[Records from a collection]
BEGIN
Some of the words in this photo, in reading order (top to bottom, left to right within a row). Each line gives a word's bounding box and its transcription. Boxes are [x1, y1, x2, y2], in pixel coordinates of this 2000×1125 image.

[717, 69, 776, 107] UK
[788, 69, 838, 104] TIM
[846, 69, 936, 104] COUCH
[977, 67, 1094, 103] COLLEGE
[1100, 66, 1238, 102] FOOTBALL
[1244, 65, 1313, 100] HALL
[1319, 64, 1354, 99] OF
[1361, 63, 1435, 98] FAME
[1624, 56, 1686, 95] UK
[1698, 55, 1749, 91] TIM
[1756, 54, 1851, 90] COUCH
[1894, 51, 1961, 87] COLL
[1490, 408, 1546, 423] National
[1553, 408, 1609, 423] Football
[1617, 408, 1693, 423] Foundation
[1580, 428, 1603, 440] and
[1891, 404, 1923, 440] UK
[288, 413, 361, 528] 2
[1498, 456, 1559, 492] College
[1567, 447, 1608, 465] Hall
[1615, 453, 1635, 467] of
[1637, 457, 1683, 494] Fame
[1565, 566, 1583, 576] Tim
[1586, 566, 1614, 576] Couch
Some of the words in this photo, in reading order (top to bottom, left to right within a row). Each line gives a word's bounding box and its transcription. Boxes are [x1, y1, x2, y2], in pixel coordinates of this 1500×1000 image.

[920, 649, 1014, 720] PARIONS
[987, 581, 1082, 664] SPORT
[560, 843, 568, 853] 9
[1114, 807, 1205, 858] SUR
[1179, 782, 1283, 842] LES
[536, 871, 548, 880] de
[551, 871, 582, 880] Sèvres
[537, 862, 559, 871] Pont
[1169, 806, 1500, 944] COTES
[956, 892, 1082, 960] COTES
END
Could all of the entries be retyped word for word?

▶ ANSWER SECTION
Some of the words in this photo, in reading order (top to bottom, left to right within a row). Each line gives a word's bounding box and its transcription. Boxes are [x1, y1, x2, y2], in pixel coordinates of this 2000×1125 image.

[717, 69, 776, 107] UK
[788, 69, 838, 104] TIM
[846, 69, 936, 104] COUCH
[977, 67, 1094, 103] COLLEGE
[1100, 66, 1238, 102] FOOTBALL
[1244, 65, 1313, 100] HALL
[1319, 64, 1354, 99] OF
[1361, 63, 1435, 98] FAME
[1624, 56, 1686, 95] UK
[1698, 55, 1749, 91] TIM
[1756, 54, 1851, 90] COUCH
[1894, 51, 1961, 87] COLL
[1490, 408, 1546, 423] National
[1553, 408, 1609, 423] Football
[1617, 408, 1693, 423] Foundation
[1580, 428, 1603, 440] and
[1891, 404, 1923, 440] UK
[288, 413, 361, 528] 2
[1498, 456, 1559, 492] College
[1567, 447, 1608, 465] Hall
[1615, 453, 1635, 467] of
[1637, 457, 1683, 494] Fame
[1565, 566, 1583, 576] Tim
[1586, 566, 1614, 576] Couch
Some of the words in this photo, in reading order (top to bottom, left to right within a row). Each line gives a word's bounding box and its transcription. Boxes are [x1, y1, x2, y2], in pixel coordinates of this 1500×1000 image.

[920, 649, 1014, 720] PARIONS
[987, 581, 1082, 664] SPORT
[560, 843, 568, 853] 9
[1114, 807, 1205, 858] SUR
[1179, 782, 1283, 842] LES
[536, 871, 548, 880] de
[551, 871, 582, 880] Sèvres
[537, 862, 559, 871] Pont
[1169, 806, 1500, 944] COTES
[956, 892, 1082, 960] COTES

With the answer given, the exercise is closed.